Vladimir Putin and Russia’s ruling elite probably hoped that Alexei Navalny, a fierce critic, and exposer of the regime’s rampant corruption, would remain in Germany, dead or alive.
But Navalny survived the attempt on his life with a nerve agent from the Novichok family and had no choice but to go back to Russia. He is the Kremlin’s only remaining prominent domestic adversary. The rest have been exiled or killed. For millions of Russians, he represents the hope that there is an alternative to Putin’s regime. That free and fair elections, a free media, independent courts, and the eradication of corruption might soon be possible in Russia. In returning to Moscow, Navalny let down neither his supporters nor his country.
At the Sheremetyevo airport, right before he was taken to a police station in Khimki in the outskirts of Moscow, Navalny said that he was not afraid. This probably horrified the Kremlin, as the Russian authorities themselves seem scared. Just as in Soviet times, the leaders fear a group of people—Navalny and those close supporters who have now also been arrested—because they rightly guess that there are millions of others behind them. People who are daily served state propaganda but are fed up with the state’s undelivered promises and their own worsening living conditions.
Russia’s Parody of the Rule of Law
In a grotesque parody of the rule of law, the police station in Khimki was hurriedly transformed into a ‘courthouse’, filled with what appeared to be policemen dressed in civilian clothes, imitating a public court session. A regime that fakes elections and totally distorts democracy cannot respect the law.

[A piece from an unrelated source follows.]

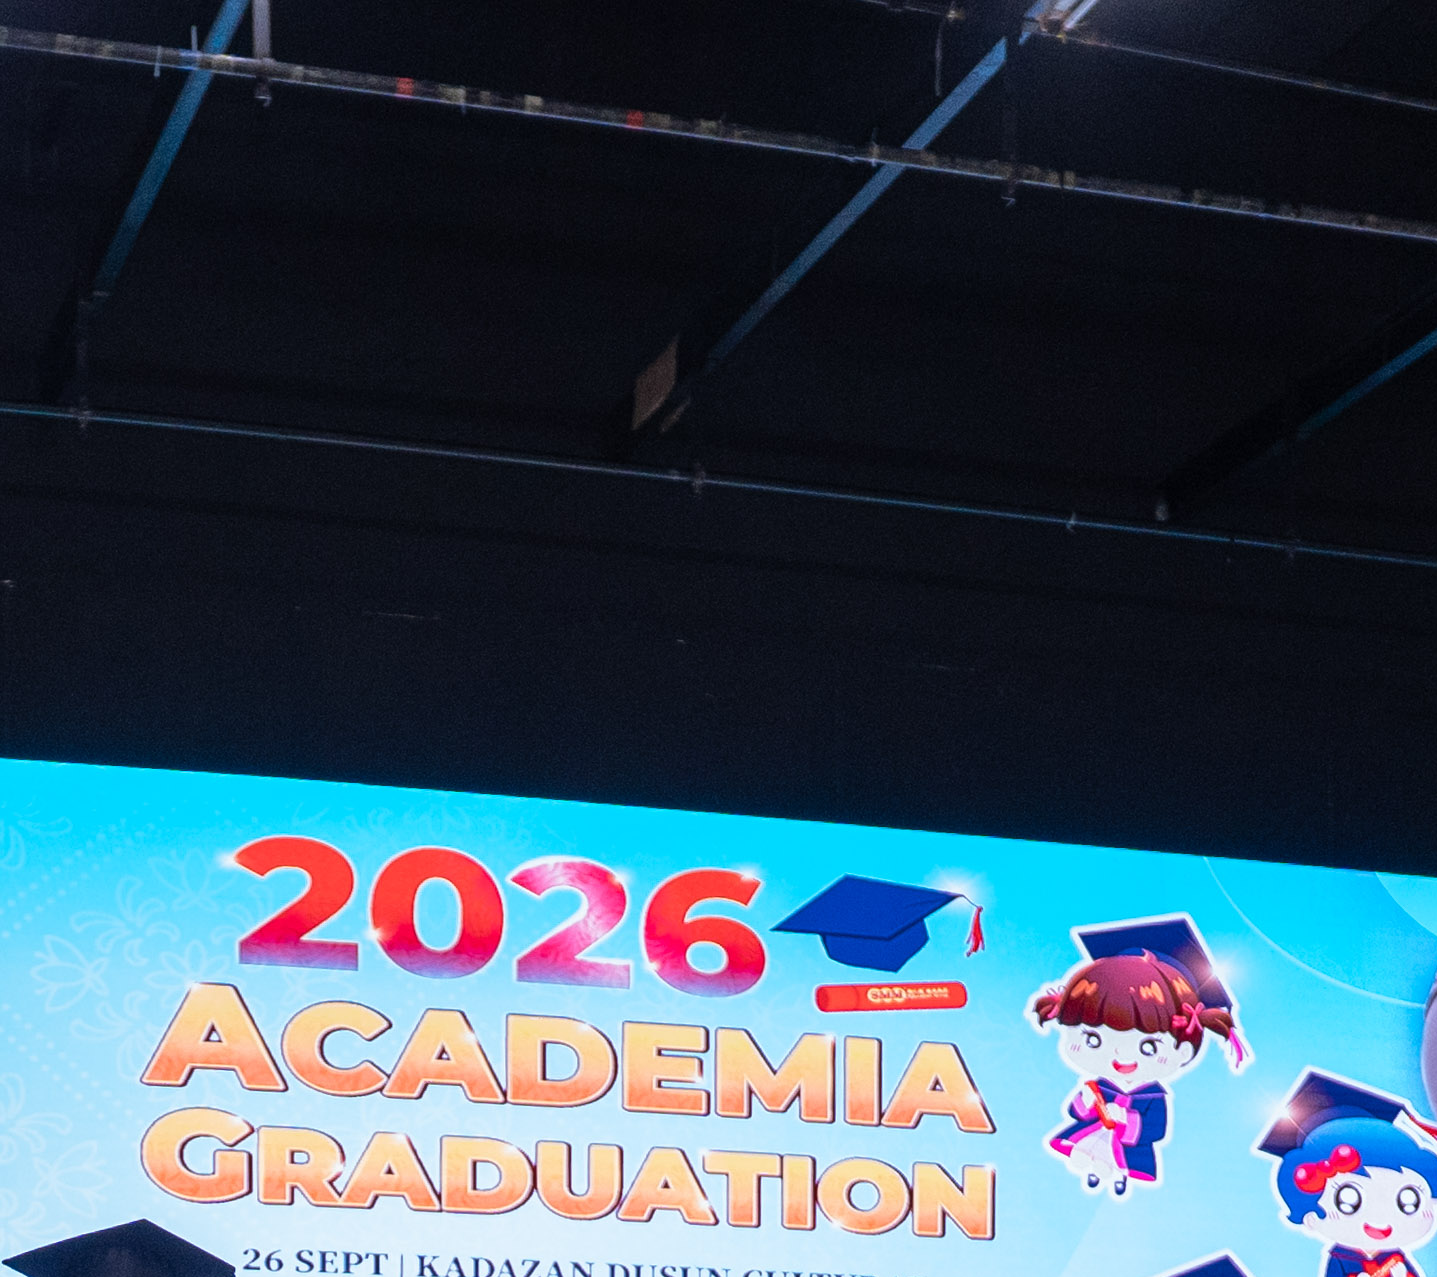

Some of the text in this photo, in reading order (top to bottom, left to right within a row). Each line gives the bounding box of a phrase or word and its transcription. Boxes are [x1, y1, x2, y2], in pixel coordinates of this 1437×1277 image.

The only part of the charade that did follow the law—the act of letting Navalny, a Russian citizen, enter Russia—was a necessity forced upon the Russian authorities, who had no other choice.

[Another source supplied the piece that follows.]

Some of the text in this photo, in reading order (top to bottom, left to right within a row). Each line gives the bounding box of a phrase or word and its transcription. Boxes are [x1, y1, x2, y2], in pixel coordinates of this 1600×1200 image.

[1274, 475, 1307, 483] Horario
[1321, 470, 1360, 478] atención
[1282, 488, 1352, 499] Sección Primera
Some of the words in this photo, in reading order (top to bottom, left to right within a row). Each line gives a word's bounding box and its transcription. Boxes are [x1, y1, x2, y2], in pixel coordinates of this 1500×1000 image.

Navalny will most likely be sent to prison for several years, perhaps as many as 13.5, on fabricated charges. Putin wants Navalny and his closest associates locked away and silenced for as long as possible. However, while it pretends indifference, Russia’s foremost fear is probably international reaction, particularly from Germany, the place of Navalny’s hospitalization and physical rehabilitation, and by far the most important European country for Russia’s political and economic interests, including the completion of Nord Stream 2. But Germany now also has a moral attachment to and responsibility for Navalny’s fate.

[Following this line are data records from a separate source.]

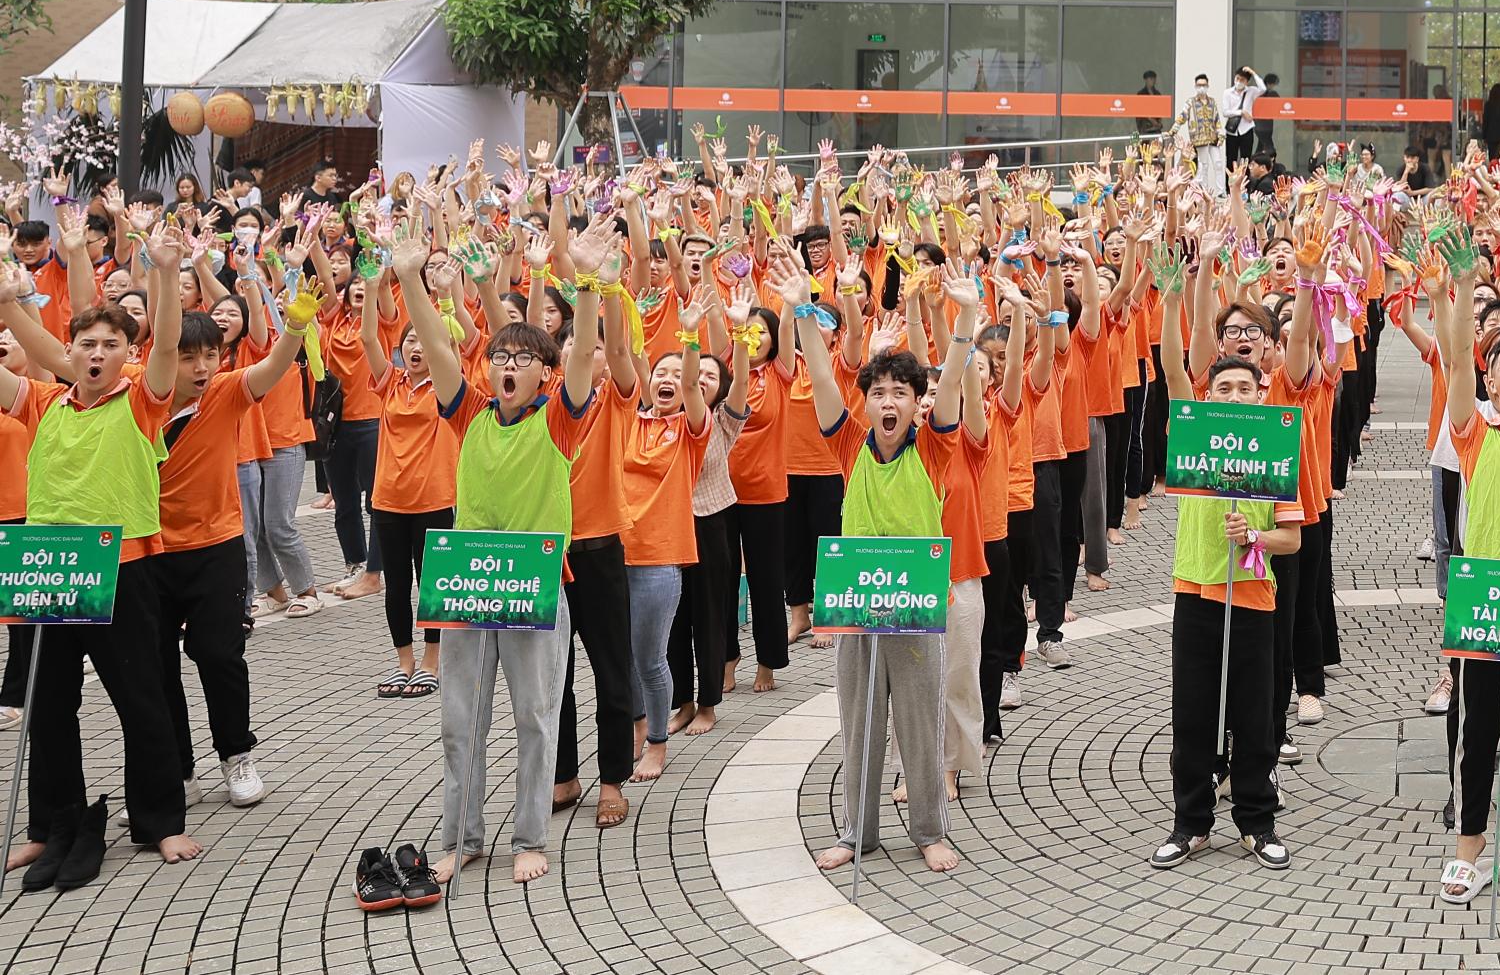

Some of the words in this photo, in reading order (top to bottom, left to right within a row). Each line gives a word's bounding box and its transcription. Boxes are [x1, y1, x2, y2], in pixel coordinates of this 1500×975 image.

[1210, 432, 1243, 455] ĐỘI
[1248, 438, 1259, 452] 6
[1176, 452, 1219, 475] LUẬT
[1223, 458, 1267, 475] KINH
[1271, 456, 1294, 477] TẾ
[21, 548, 54, 569] ĐỘI
[59, 552, 78, 566] 12
[469, 555, 501, 575] ĐỘI
[507, 559, 514, 572] 1
[0, 570, 65, 586] HƯƠNG
[69, 572, 102, 590] MẠI
[435, 574, 489, 592] CÔNG
[493, 576, 541, 597] NGHỆ
[858, 567, 892, 590] ĐỘI
[896, 571, 908, 586] 4
[12, 589, 52, 610] ĐIỆN
[56, 588, 78, 606] TỬ
[442, 595, 503, 612] THÔNG
[508, 599, 534, 613] TIN
[824, 586, 865, 609] ĐIỀU
[870, 590, 938, 609] DƯỠNG
[1472, 603, 1497, 622] TÀI
[1447, 865, 1476, 882] NER
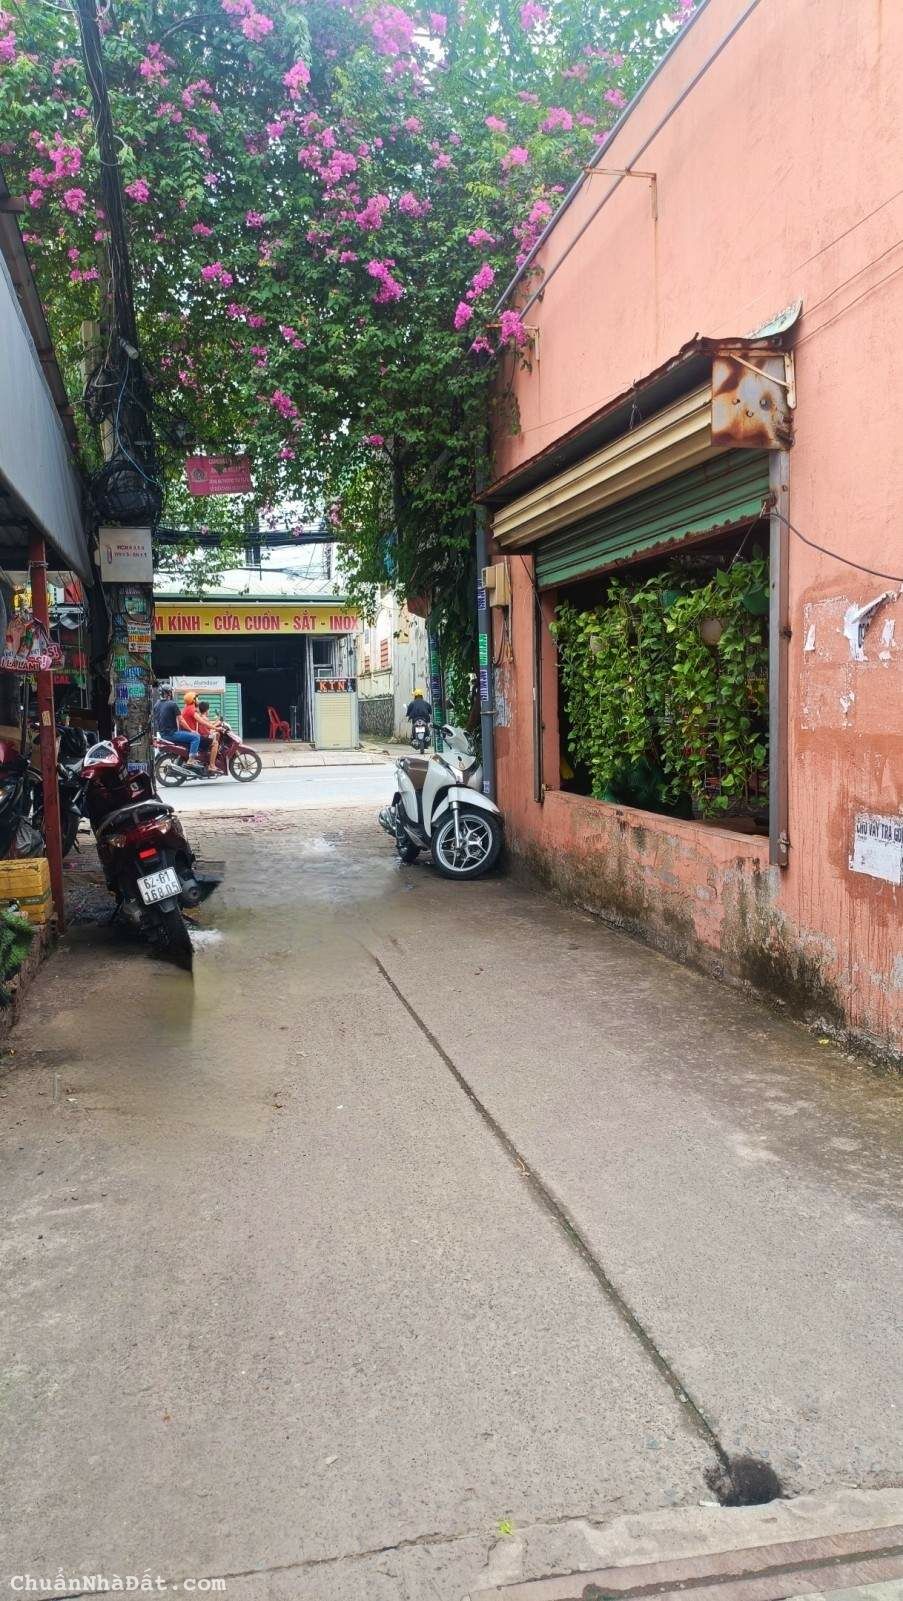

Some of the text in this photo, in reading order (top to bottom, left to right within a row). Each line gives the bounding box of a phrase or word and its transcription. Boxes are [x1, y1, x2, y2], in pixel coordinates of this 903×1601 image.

Mass Protests à la Belarus
There will certainly be headlines in the international media when Navalny is sentenced. The Kremlin will do its utmost to see that such headlines disappear and that interest in Navalny fades. Moscow might attempt to trade him, for example relocating him to Germany, as a gesture of ‘good will’ in exchange for the completion of Nord Stream 2.
Thousands of demonstrators who demanded Navalny’s release, fired up by his recent exposure of the huge estate in the vicinity of the resort town of Gelendzhik that he attributes to Putin, were arrested all over Russia on 23 January. The Kremlin has already demonstrated its intentions and methods through its support, since August 2020, to Alexander Lukashenko’s regime in Belarus. Putin is likely determined to apply the same approach—a war of attrition against the opposition, until mass protests ultimately cease. The Kremlin understands only zero-sum games, including domestically. It cannot bend. The people must submit.
Navalny Has Two Faces
Nevertheless, it should not be forgotten that Navalny, Russia’s foremost fighter against corruption, has a second face. He wholeheartedly supported Russia’s aggression against Georgia, in 2008, and the illegal occupation and annexation of Crimea, in 2014. At least a few years ago, he favoured a rather nationalistic, even racist approach to Caucasians and others.
It remains to be seen whether the Navalny case will mark a turning point for the West’s relations with Russia, or for Russia itself. But in their dealings with Russia, as with their consideration of Navalny, Western countries must be wary of straightforward judgements.
Views expressed in ICDS publications are those of the author(s).